What to do when your business feels wrong

Before I jump into the main point of this post, I should probably give you a quick overview of how my business came about. 

You see it was never my aim to work for myself.  I left university and headed off into the corporate world and the fashion industry. I spent my days analysing spreadsheets, profiling customers and building up brands. I was right on course with my life plan.... but....I was bored. 

As a way of feeding my creative need and for something outside of work, I started blogging. I wrote about the things I loved, I shared dreams and plans, craft projects, and I had fun creating pretty graphics and designing my blog. Soon people asked me to create things for them and so I set up an Etsy shop. It never occurred to me that one day this would become my career. I didn't have a solid background in design, and surely no one really made money from doing something they loved? 

But soon, I began to dream about what life might be like if I worked for myself. No more ridiculous commutes into central London, no more dealing with the cut-throat boss and no more watching for the clock to hit 5pm.  

And so in 2011 I made the leap...I became my own boss, full-time. This isn't an overnight success story, on more than one occasion I had to take on another job to make ends meet. There were weeks with no work, sleepless nights wondering if I was crazy, hours spent feeling inadequate. But things did pick up and I found myself with a steady stream of clients and projects, and that led me to think about the future. 

Which brings me back to the main point of this post. 

As more projects began to come in, I started to put a plan in place for growth. I found myself not only offering design to clients, but a full range of marketing services. I started to pitch myself as a full-service agency. I became more 'corporate' in my blog posts, I thought about employing other people. 

It seemed like the logical next step - get more work, employ people, grow into an agency, rent a fancy office. 

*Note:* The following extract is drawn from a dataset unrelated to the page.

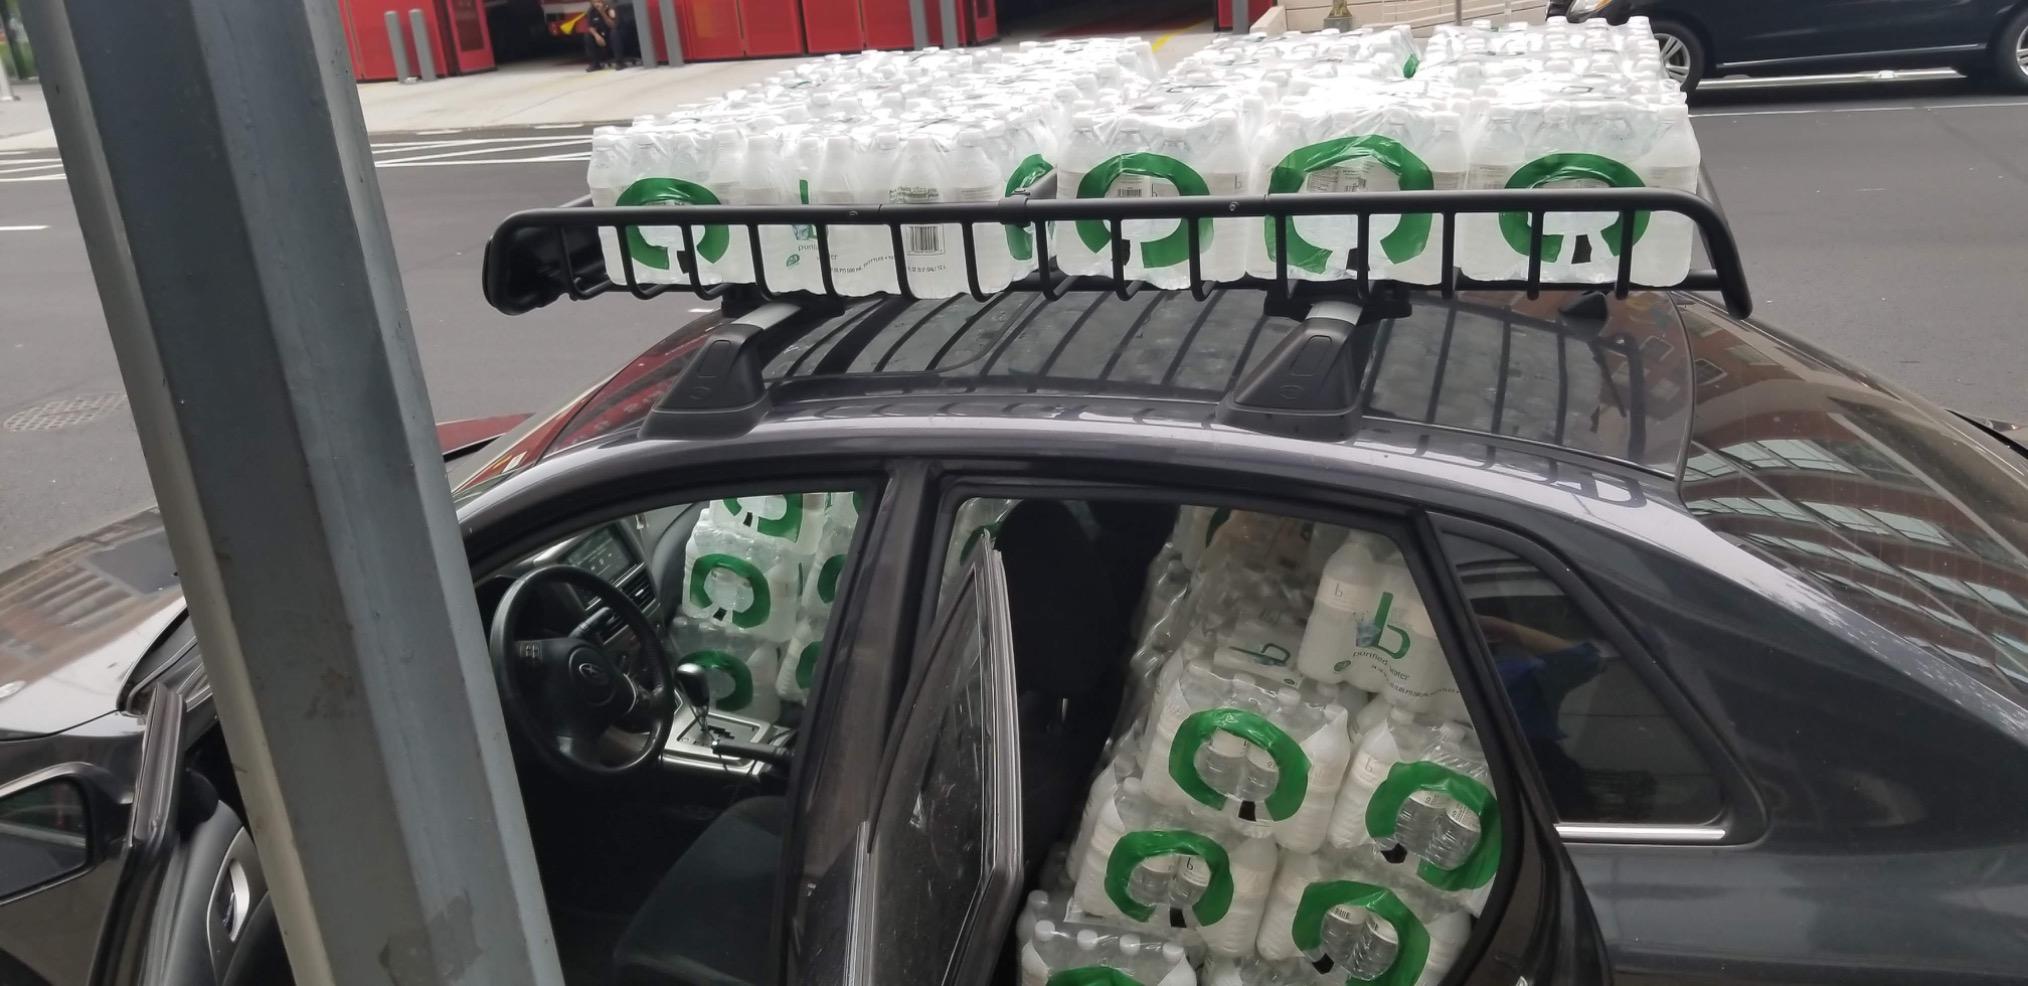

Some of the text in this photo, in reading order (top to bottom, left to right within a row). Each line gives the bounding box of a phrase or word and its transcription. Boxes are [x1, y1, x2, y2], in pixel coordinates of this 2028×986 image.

Except I hated it. It felt false. It felt wrong. 

I forgot why I was doing this in the first place, I buckled under the weight of expectation, I stopped having fun. And to me that would mean the end. So much of life can be hard, why make it even harder? 

Which brings me to today. 

I have spent the past few weeks really taking stock. Evaluating my business and deciding what does and doesn't work. Here's what I have figured out so far:

  • I don't want to employ or manage people. I want to collaborate. Equal partnerships. 
  • I am most attracted to working with small businesses and creative entrepreneurs. Brands that are passionate about what they do and clear on why they do it. People who are not afraid to take a different viewpoint or push boundaries. Companies who are committed to sharing their story, authentically. 
  • I am a designer and art director at heart. I have a ton of marketing experience on my CV and I love all things digital and social but designing and creating is what truly lights me up. 
  • The way I have been pitching myself and my business feels plain wrong. I want to spend my days feeling connected, authentic and creatively challenged and my current business model is totally out of alignment with that. 

So, what does this mean? 

It means I am going to be spending more time taking stock. I will be taking the time to figure out on a deeper level what I want the future of LP Studio to look like. I will be fine-tuning and tweaking, sharpening my brand and bringing everything back into alignment. 

On a practical level I have some awesome clients and projects lined up and I will be focusing on them. I will be blogging about the things I love and that inspire me. I will be creating out of a place of joy and love, because anything else won't be my best work. 

As always, I appreciate your support. I wouldn't be here if it wasn't for you guys out there reading my blog, sharing my work and offering up your support. I am so grateful for you.